Novel parallel Givens QR decomposition implementation on VLIW architecture with Efficient memory access for real time image processing applications

Abstract

Compressed Sensing (CS) methods impact is important in the health care systems. The acquisition and the processing speed of many medical imaging applications is highly improved using this technique. Orthogonal Matching Pursuit (OMP) is one of the widely used image reconstruction algorithms in CS techniques. Traditionally, OMP is divided on two main tasks: optimization stage and least square problem (LSP) resolution stage. The LSP resolution is the most complex and time consuming step in OMP. QRD is one of the main techniques used to solve the LSP in a very short time. However, the increasing image and video resolutions (UHDTV) makes the real time constraints very tight.
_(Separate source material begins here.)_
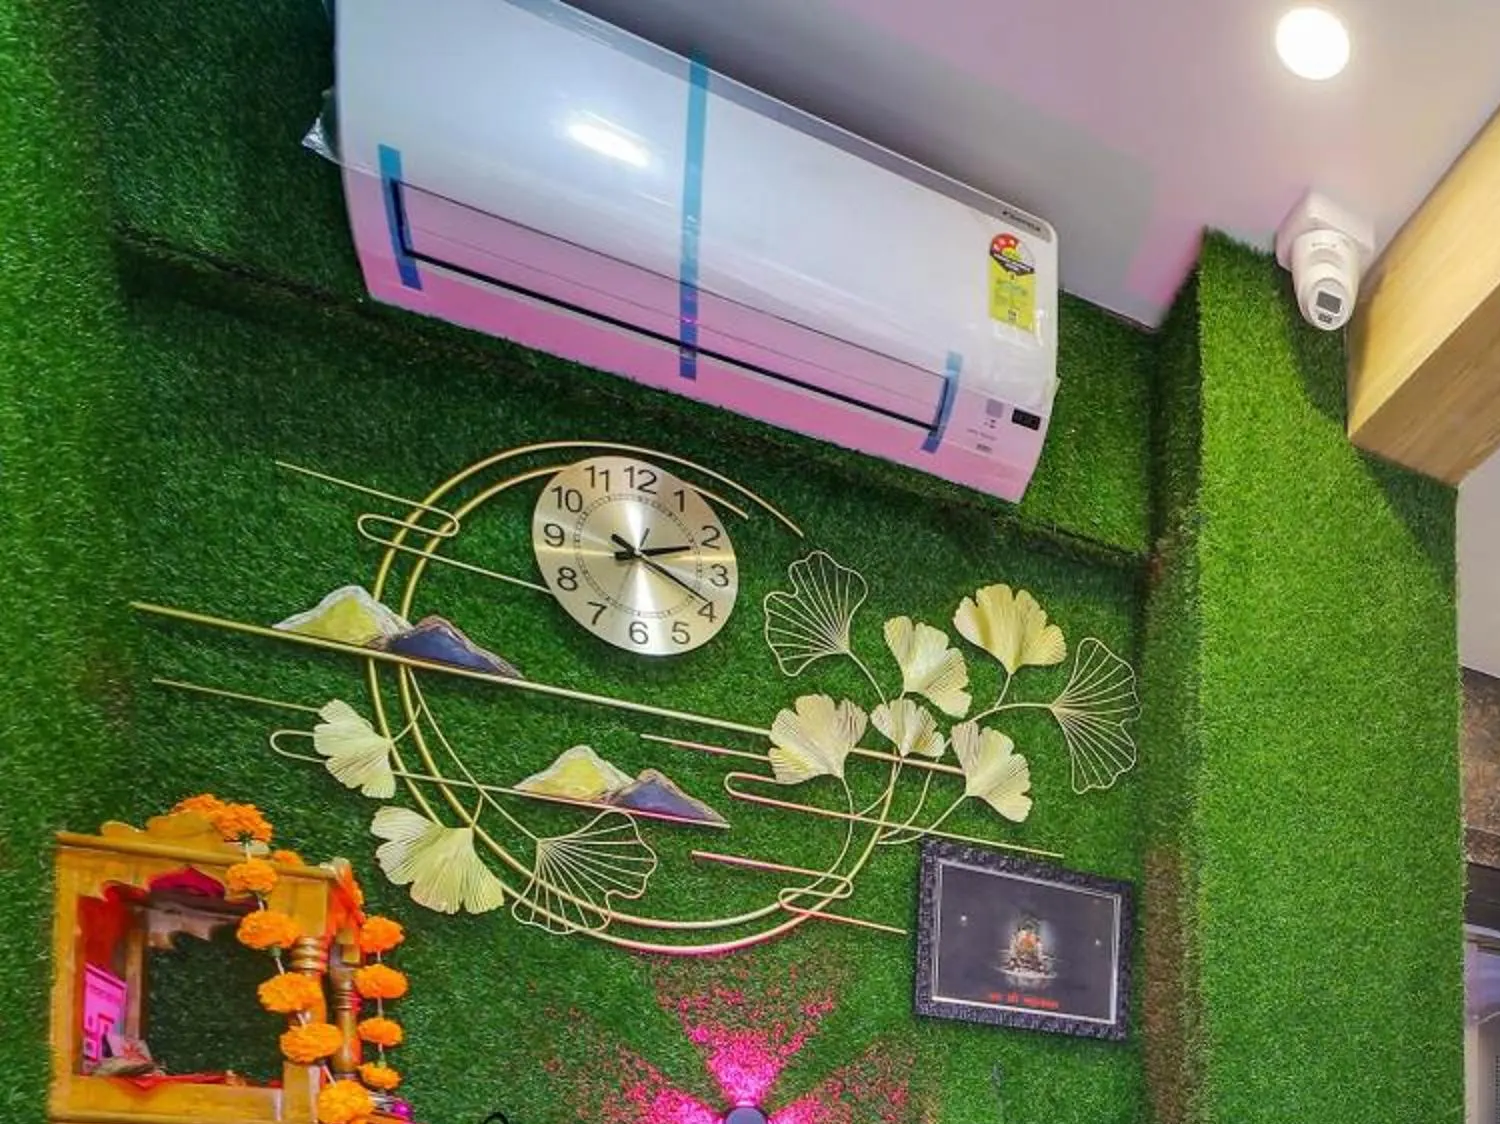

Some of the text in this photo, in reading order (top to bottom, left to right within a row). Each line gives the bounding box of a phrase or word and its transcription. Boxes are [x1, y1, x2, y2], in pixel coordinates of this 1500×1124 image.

In this paper, a novel implementation of QRD on VLIW DSP architecture with an efficient memory access approach is introduced. An instruction, data and loop levels parallelism (ILP, DLP and LLP) based Givens QRD kernel is designed. A robust memory access management based on intelligent loading/storing strategies and proficient data alignment techniques is adopted for the proposed parallel implementation. Therefore, memory read misses and CPU stalls are significantly diminished. As a final result the processing time is greatly reduced. The proposed scheme is implemented on C6678 DSP and reaches 2.22 GFLOPS. The performances achieved are 7.4, 3.83 and 2 times faster than standard Givens, Texas Instrument optimized QRD and state of the art, respectively.